Entre os personagens mais secundários, chama bastante atenção também o dilema enfrentado por Antonio (Stefano Accorsi), que está vivendo uma relação extraconjugal. Esse mesmo problema o ator vivenciou com bastante emoção em O Último Beijo, filme que ganhou até um remake americano em Um Beijo a Mais. E quem vive a esposa traída é a sempre ótima Margherita Buy, que passou pela mesma experiência ao lado de Accorsi em Um Amor Quase Perfeito, do mesmo diretor. E ainda assim é interessante revê-los passando por situações semelhantes, mas sob outros pontos de vista. Um acréscimo curioso e uma excelente oportunidade de conferir um incrível time de atores italianos em plena forma.

Ozpetek é de origem turca, tendo ido morar na Itália ainda na infância. Desde seus primeiros trabalhos tem se revelado um cineasta de mão cheia, sendo considerado hoje um dos destaques da atual cinematografia italiana. Temas como a sensibilidade feminina, a fragilidade do homem e a homossexualidade sob uma ótica natural e inserida na sociedade sem alardes ou escândalos são sempre presentes. Elementos que ele faz uso com bastante habilidade, entregando obras que não só surpreendem, como também emocionam e comovem.

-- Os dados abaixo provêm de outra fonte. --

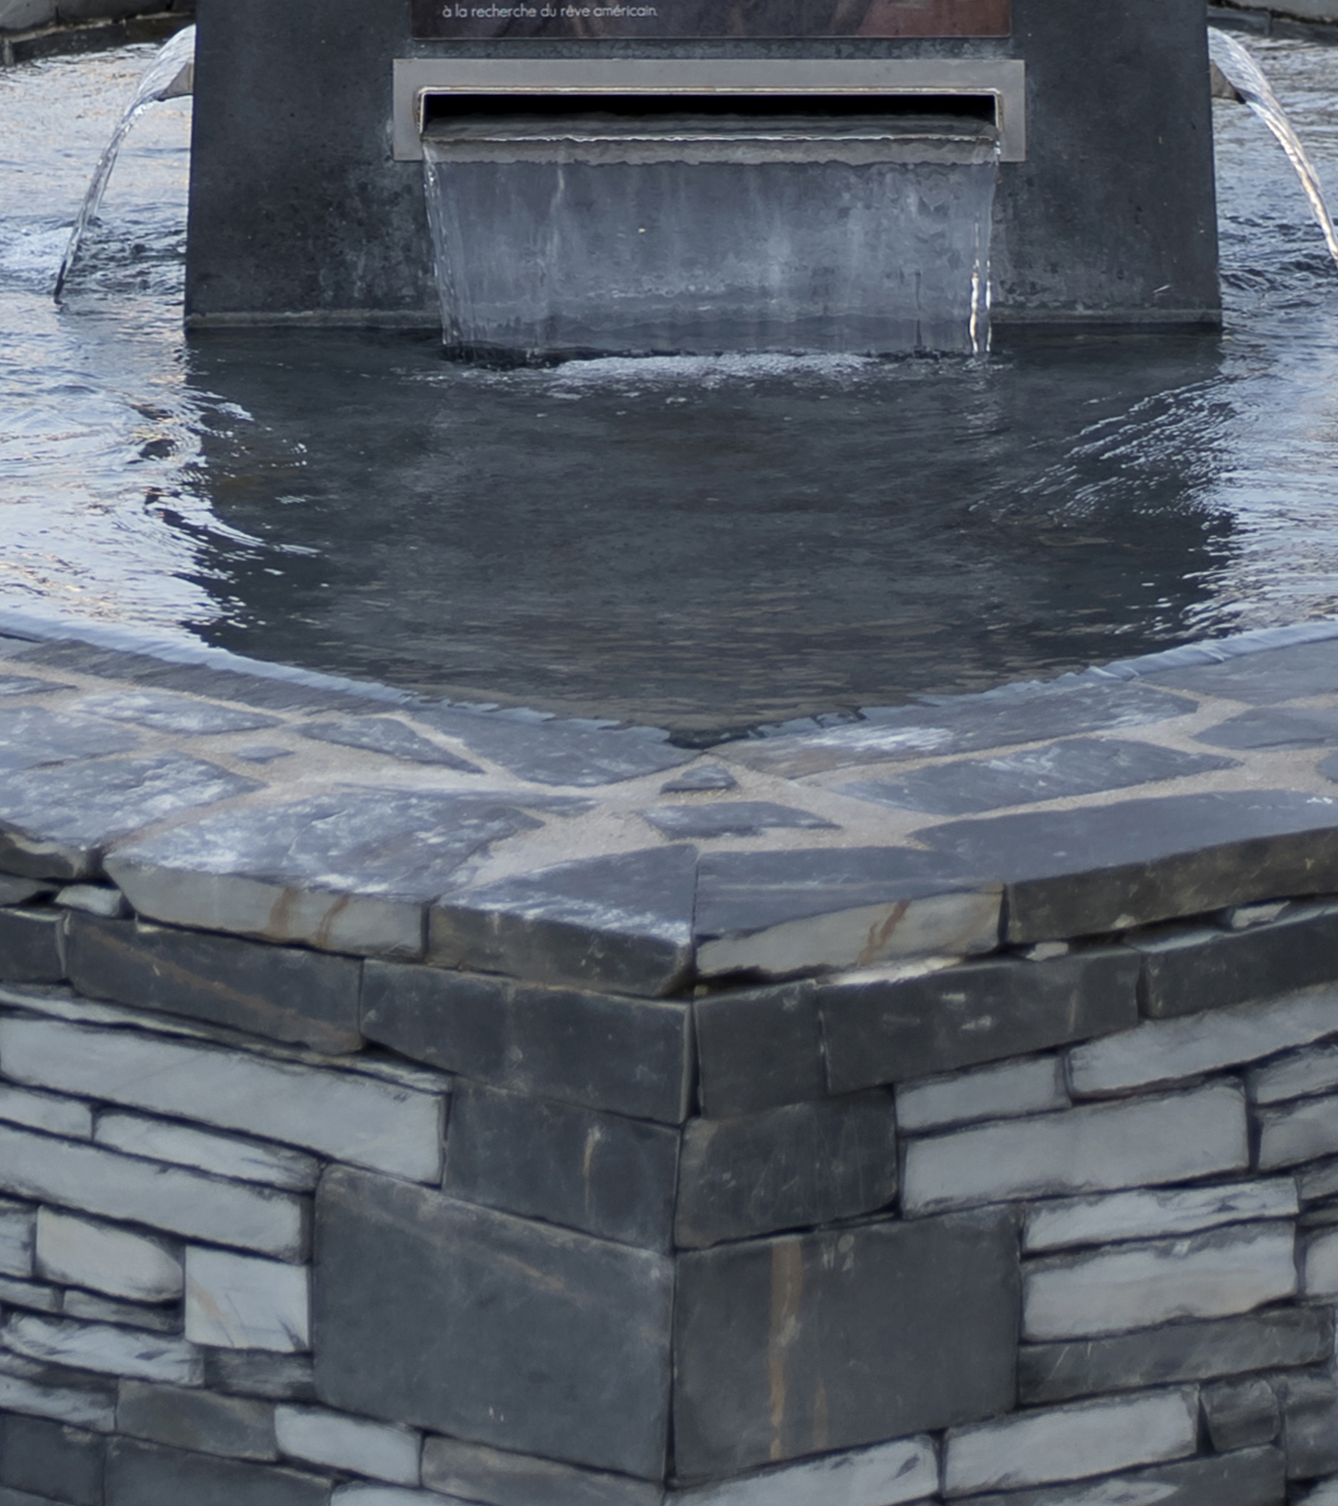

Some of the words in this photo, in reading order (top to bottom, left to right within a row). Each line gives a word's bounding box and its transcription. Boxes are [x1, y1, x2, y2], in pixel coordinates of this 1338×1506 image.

[442, 4, 452, 17] à
[455, 2, 468, 17] la
[471, 2, 537, 17] recherche
[541, 2, 557, 17] du
[560, 2, 590, 17] rêve
[593, 2, 659, 17] américain.
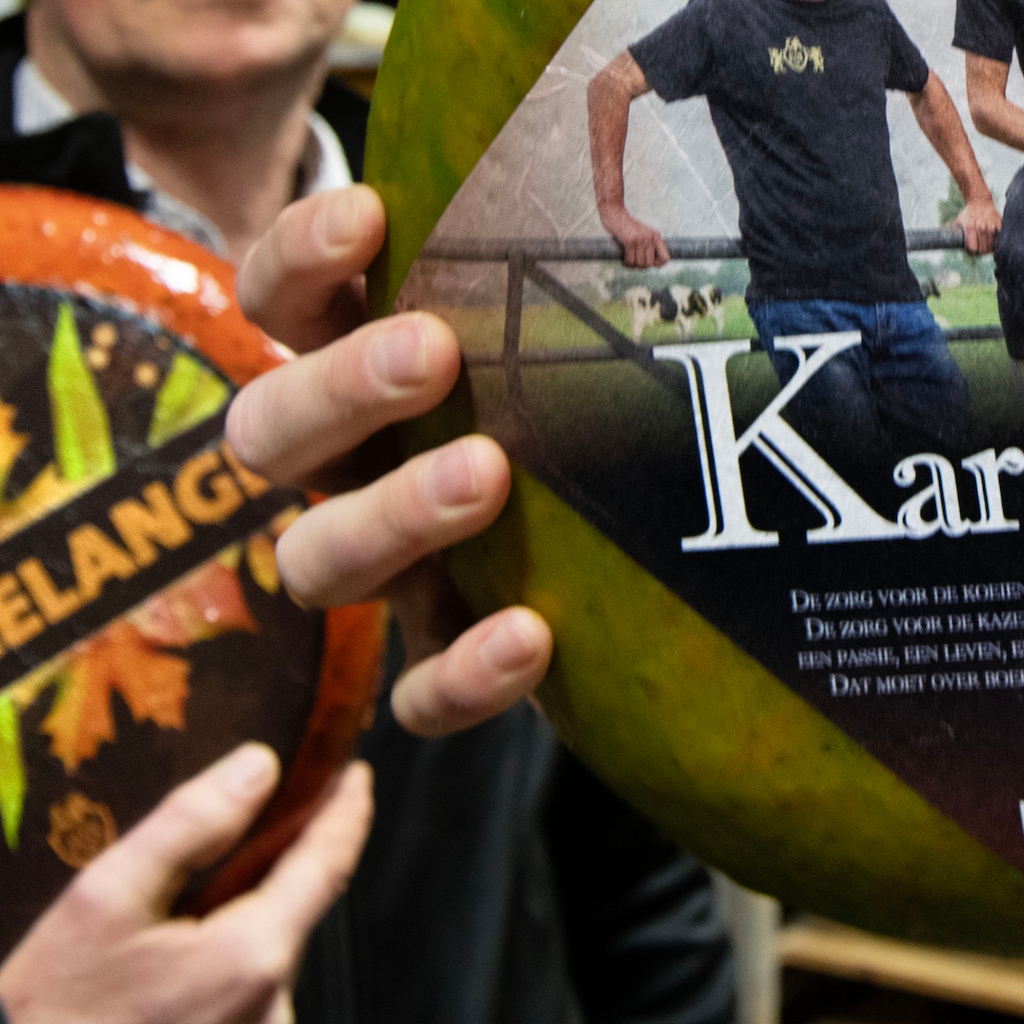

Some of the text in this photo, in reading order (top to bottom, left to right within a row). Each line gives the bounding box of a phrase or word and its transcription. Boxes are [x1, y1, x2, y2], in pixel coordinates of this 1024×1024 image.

[824, 590, 873, 611] ZORG
[877, 587, 928, 607] VOOR
[933, 585, 959, 604] DE
[840, 618, 888, 639] ZORG
[893, 615, 943, 635] VOOR
[948, 613, 973, 633] DE
[798, 650, 832, 670] EEN
[837, 647, 900, 669] PASSIE,
[904, 644, 938, 665] EEN
[944, 640, 1007, 664] LEVEN,
[876, 674, 926, 695] MOET
[931, 671, 980, 692] OVER
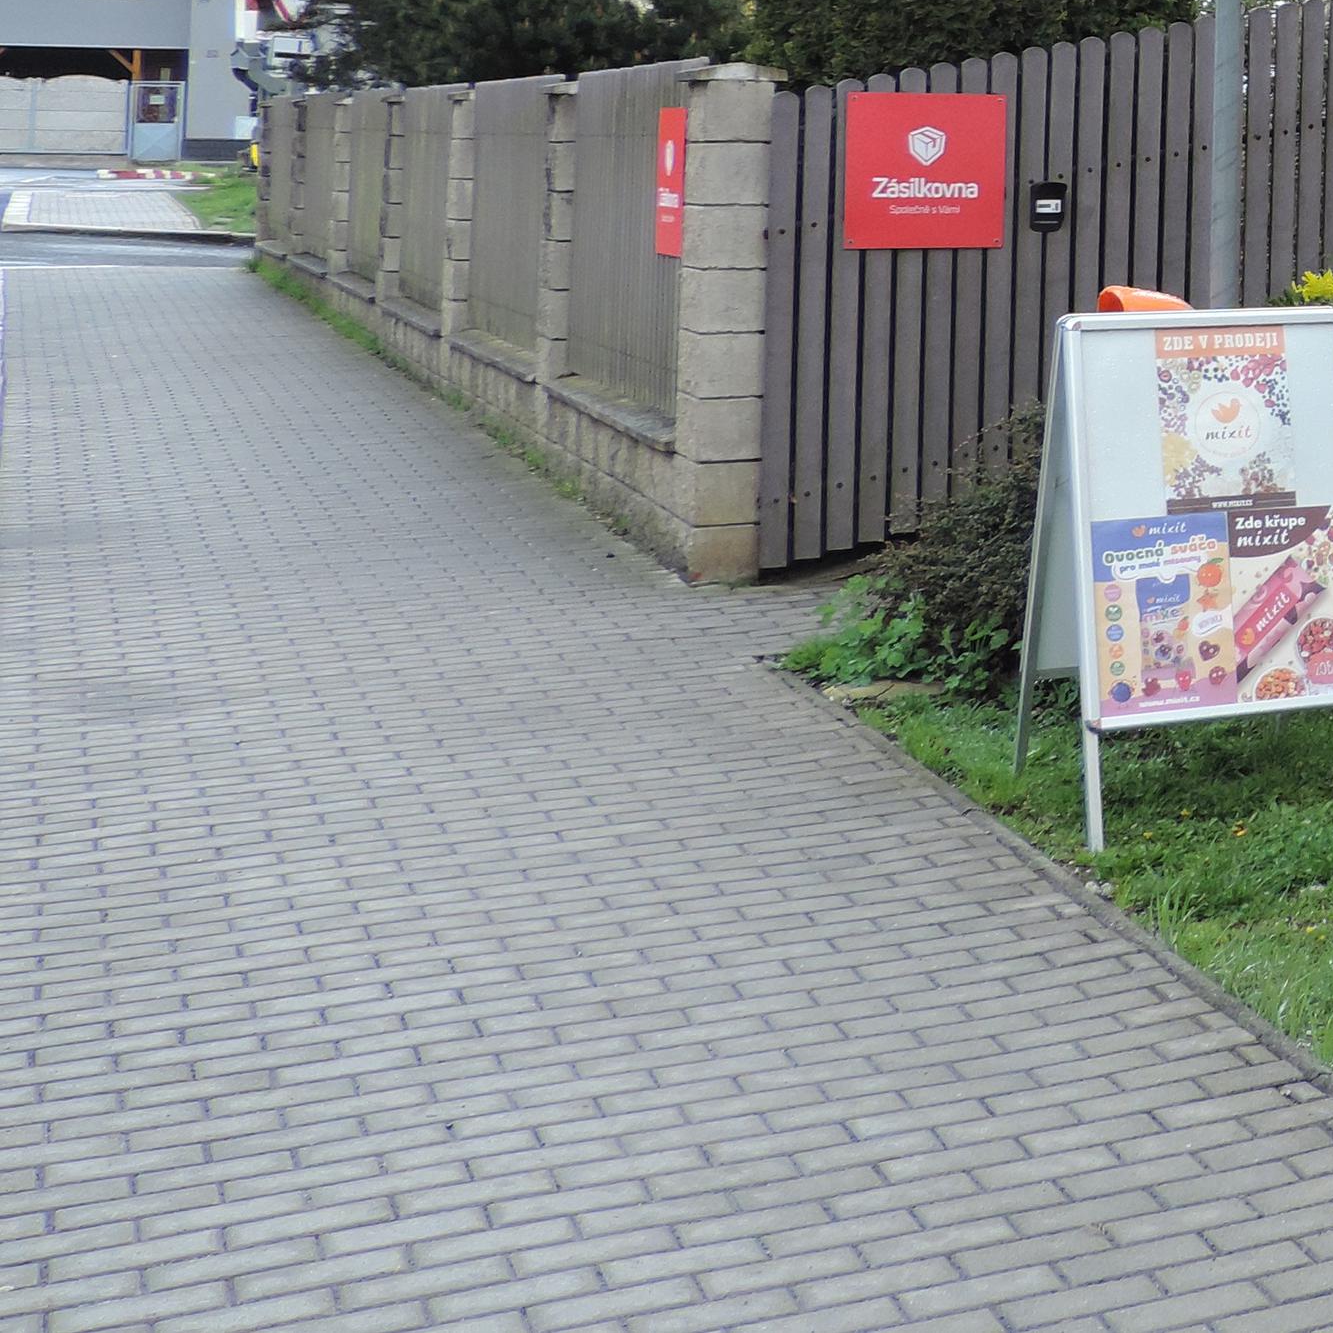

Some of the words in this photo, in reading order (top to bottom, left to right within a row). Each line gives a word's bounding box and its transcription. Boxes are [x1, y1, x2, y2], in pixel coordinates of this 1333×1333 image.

[872, 177, 979, 199] Zásilkovna
[1163, 335, 1194, 351] ZDE
[1198, 334, 1209, 349] V
[1214, 332, 1279, 349] PRODEJI
[1205, 425, 1252, 441] mixit
[1148, 522, 1188, 535] mixit
[1235, 516, 1263, 530] Zde
[1265, 514, 1306, 531] křupe
[1236, 529, 1290, 548] mixit
[1256, 591, 1291, 632] mixit

Saturno em Oposição foi muito bem recebido pelo público e pela crítica quando foi lançado em seu país de origem. A associação dos críticos de cinema italianos deu ao longa quatro prêmios – Atriz (Buy), Roteiro, Canção e Atriz Coadjuvante (Ambra Angiolini). Esse último foi conquistado também no David di Donatello – o Oscar da Itália – além de outras seis indicações. Divertido, alto astral, tocante, esperançoso e bastante verdadeiro, é um retrato profundo sobre as relações humanas, sempre num espírito moderno e cosmopolita. Dói, mas como faz bem.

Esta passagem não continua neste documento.